Ms. Armstead said that in November 2017, when Mr. Smith-Randolph had traveled from Kalamazoo, Mich., where he was then working, to New York for a family event, something changed.

They made plans to meet up at Mist Harlem, which was then a bar, restaurant and event space. She was attending with a group of friends, but the two still ended up making a quasi-solo evening of it.

“My girlfriends were asking me, ‘How come you’re not dating him?’” Ms. Armstead said. She responded, “He’s a catch, but I don’t want to mess up a friendship.”

Mani Crawford

The evening did get her thinking, though. She texted Mr. Smith-Randolph, who flew back to Michigan right after their meet-up, later that night to make sure that he had gotten home safe. In her mind, she was indicating to him that she was thinking about him more than casually.

Mr. Smith-Randolph remembers a little less subtlety in the course of the evening.

“When we started talking one on one, she grabbed my thigh,” said Mr. Smith-Randolph, who is now the investigative editor at Connecticut Public Broadcasting in Hartford. “I was like, Oh wow, this is something.”

The two commenced texting every day, “about the most minute things,” said Ms. Armstead, now an e-commerce marketing manager at the Kroger Company, a grocery and retailer. When Mr. Smith-Randolph returned to New York the next month, both anticipated that their relationship might evolve.

They had brunch together the day before New Year’s Eve and, Ms. Armstead said, “We were being kind of flirty, kind of touching hands.”

As they headed back to her apartment, she remembers, “He said, You know, you’re going to be my wife.”

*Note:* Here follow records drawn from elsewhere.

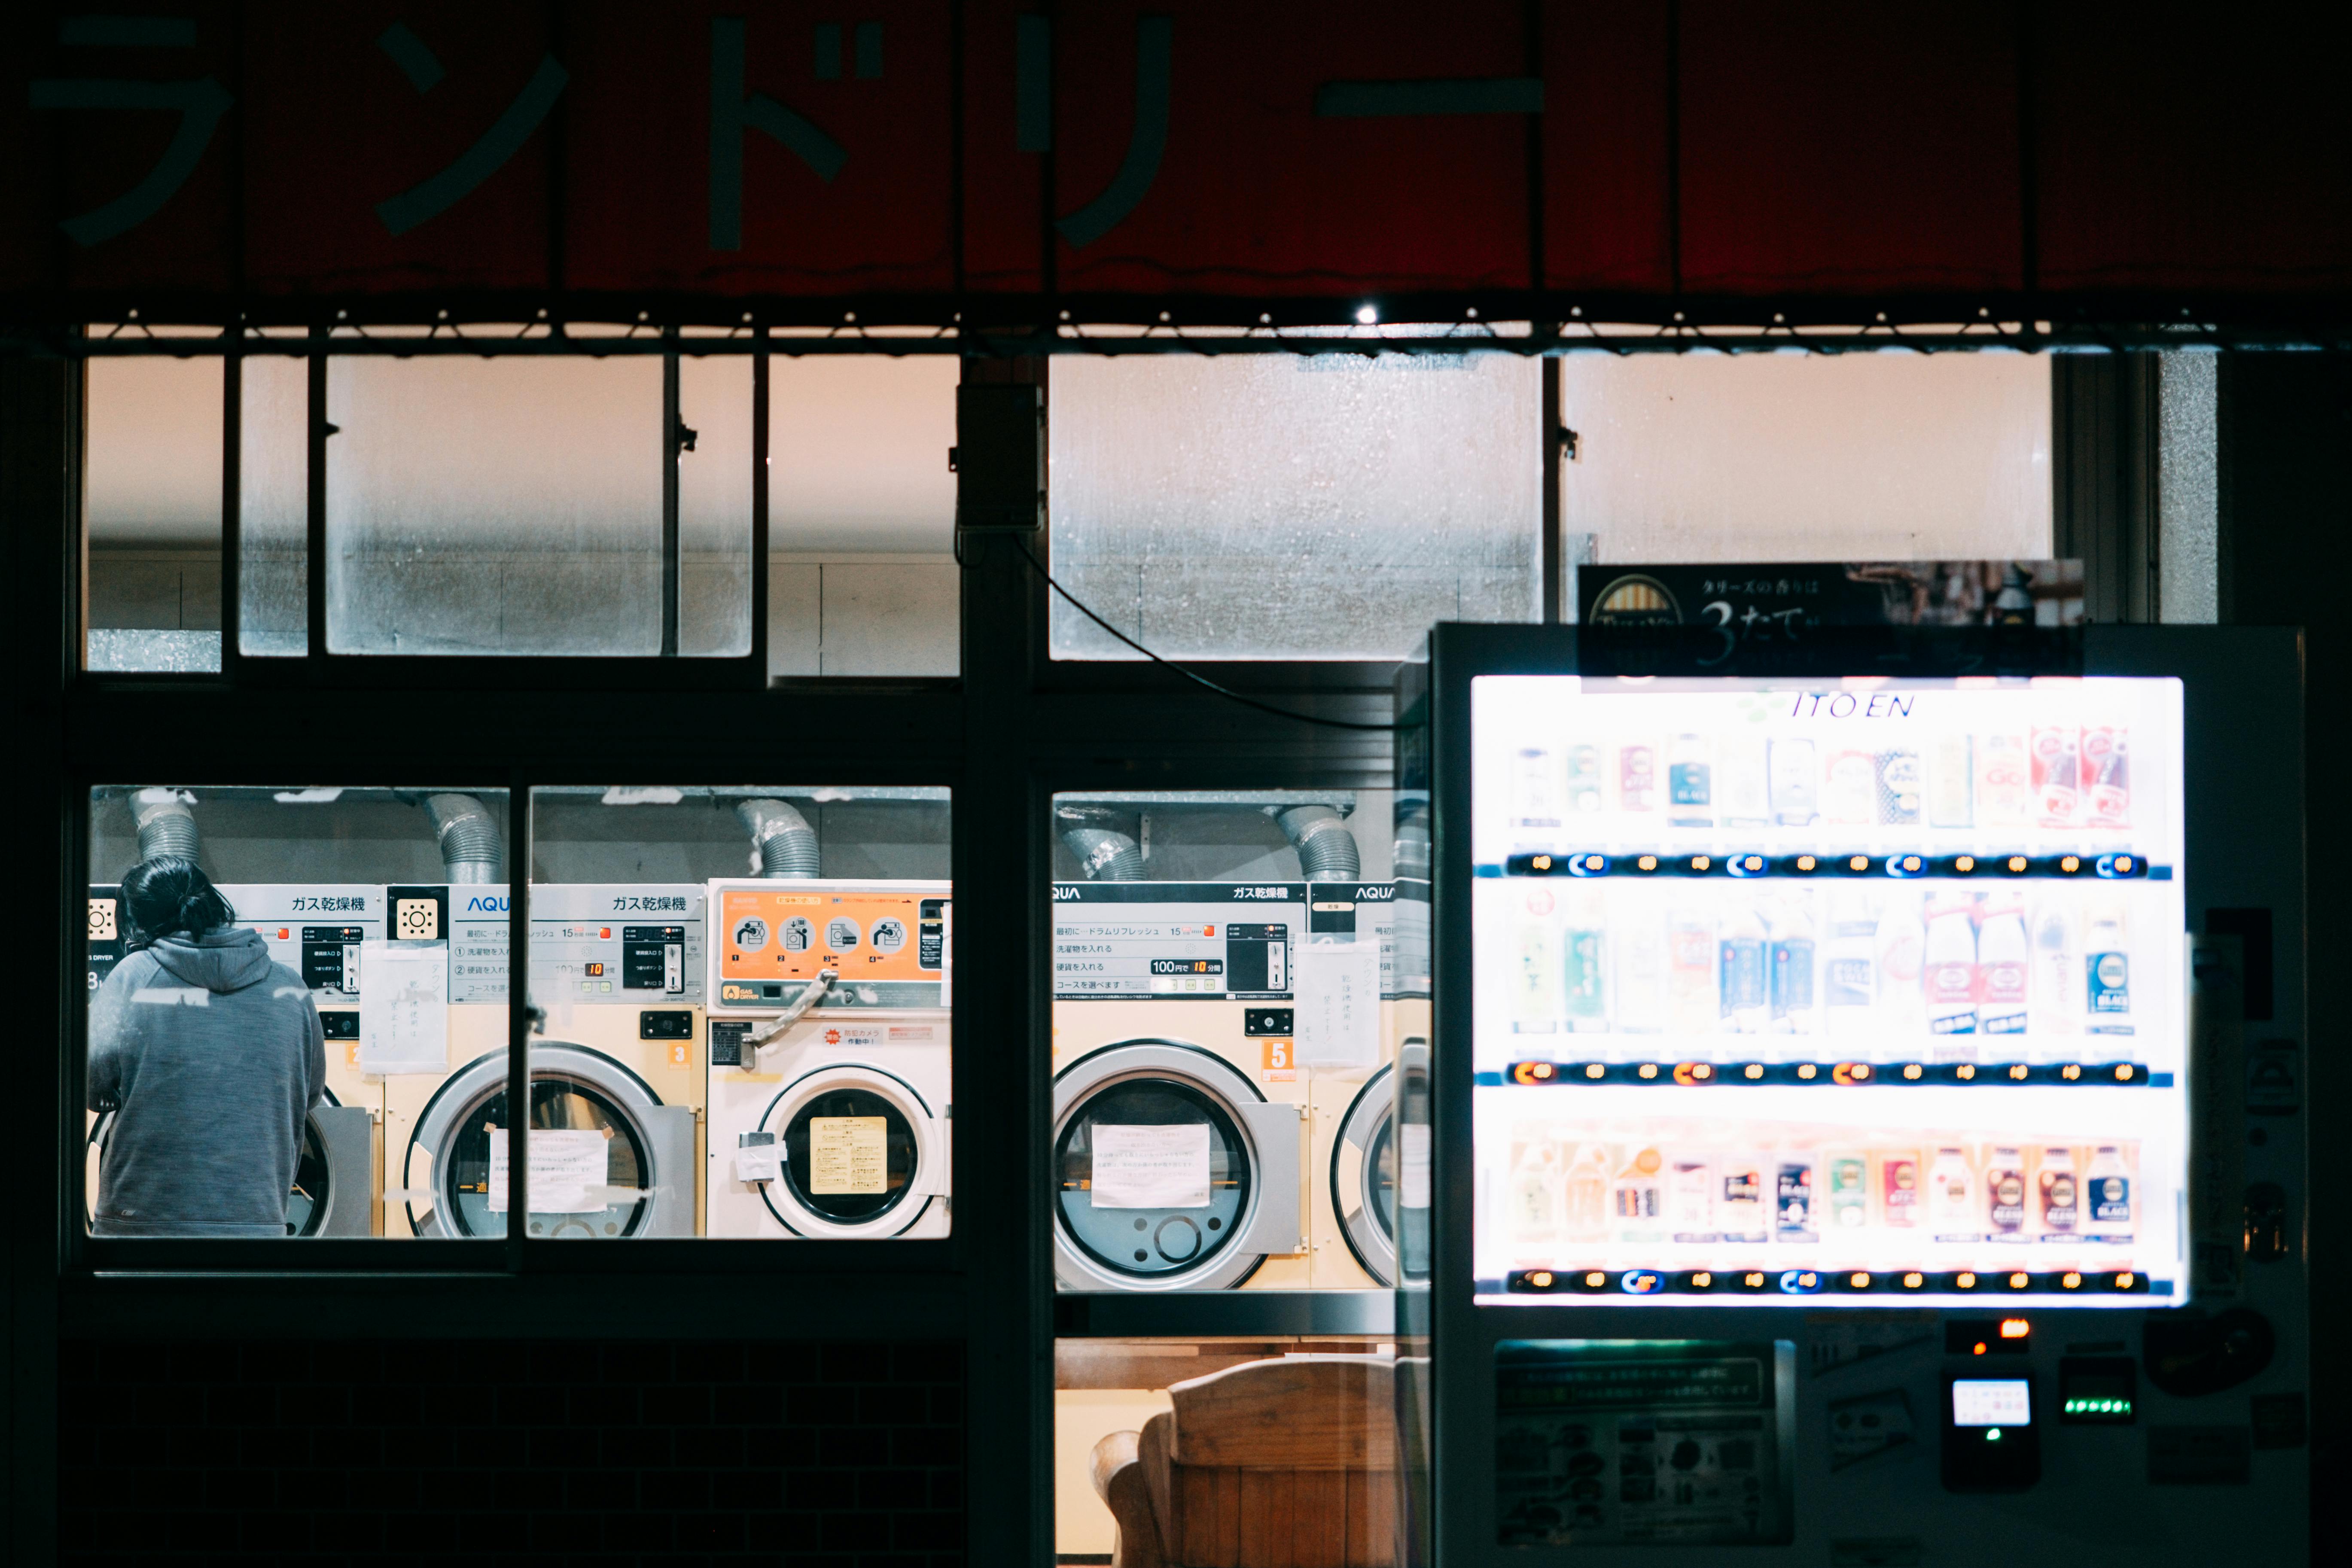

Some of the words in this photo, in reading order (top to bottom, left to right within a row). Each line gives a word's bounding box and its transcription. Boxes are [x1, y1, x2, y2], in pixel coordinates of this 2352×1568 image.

[28, 13, 1544, 250] ランドリー
[1792, 692, 1856, 718] ITO
[1866, 694, 1915, 718] EN
[1234, 887, 1288, 898] ガス乾燥機
[292, 897, 365, 911] ガス乾燥機
[613, 896, 686, 911] ガス乾燥機
[562, 929, 573, 937] 15
[1170, 928, 1181, 936] 15
[1056, 945, 1112, 953] 洗濯物を入れる
[591, 964, 602, 974] 10
[1056, 963, 1103, 971] 硬貨を入れる
[1194, 961, 1206, 972] 10
[675, 1046, 685, 1062] 3
[1271, 1043, 1286, 1068] 5

But first, she became his girlfriend. On Dec. 31, 2017, Ms. Armstead said, “He asked me to be his girlfriend. And then we had our first kiss.” They dated for more than two years before becoming engaged in May 2020.

The couple, who will both use the surname Randolph and who now live in New Haven, Conn., married Nov. 6 at St. Thomas of Villanova Roman Catholic Church on the campus of their alma mater. The Rev. Peter M. Donohue, who is the university’s president, performed the ceremony before 160 guests, all vaccinated against the coronavirus.

Of the yearslong friend who became his wife, Mr. Smith-Randolph said, “She’s one of my biggest supporters, she holds me accountable and she’s loyal. Even when you’re messing up, she’s not going to abandon you or run out on you. She’s going to stick with you through it. And she’s gorgeous.”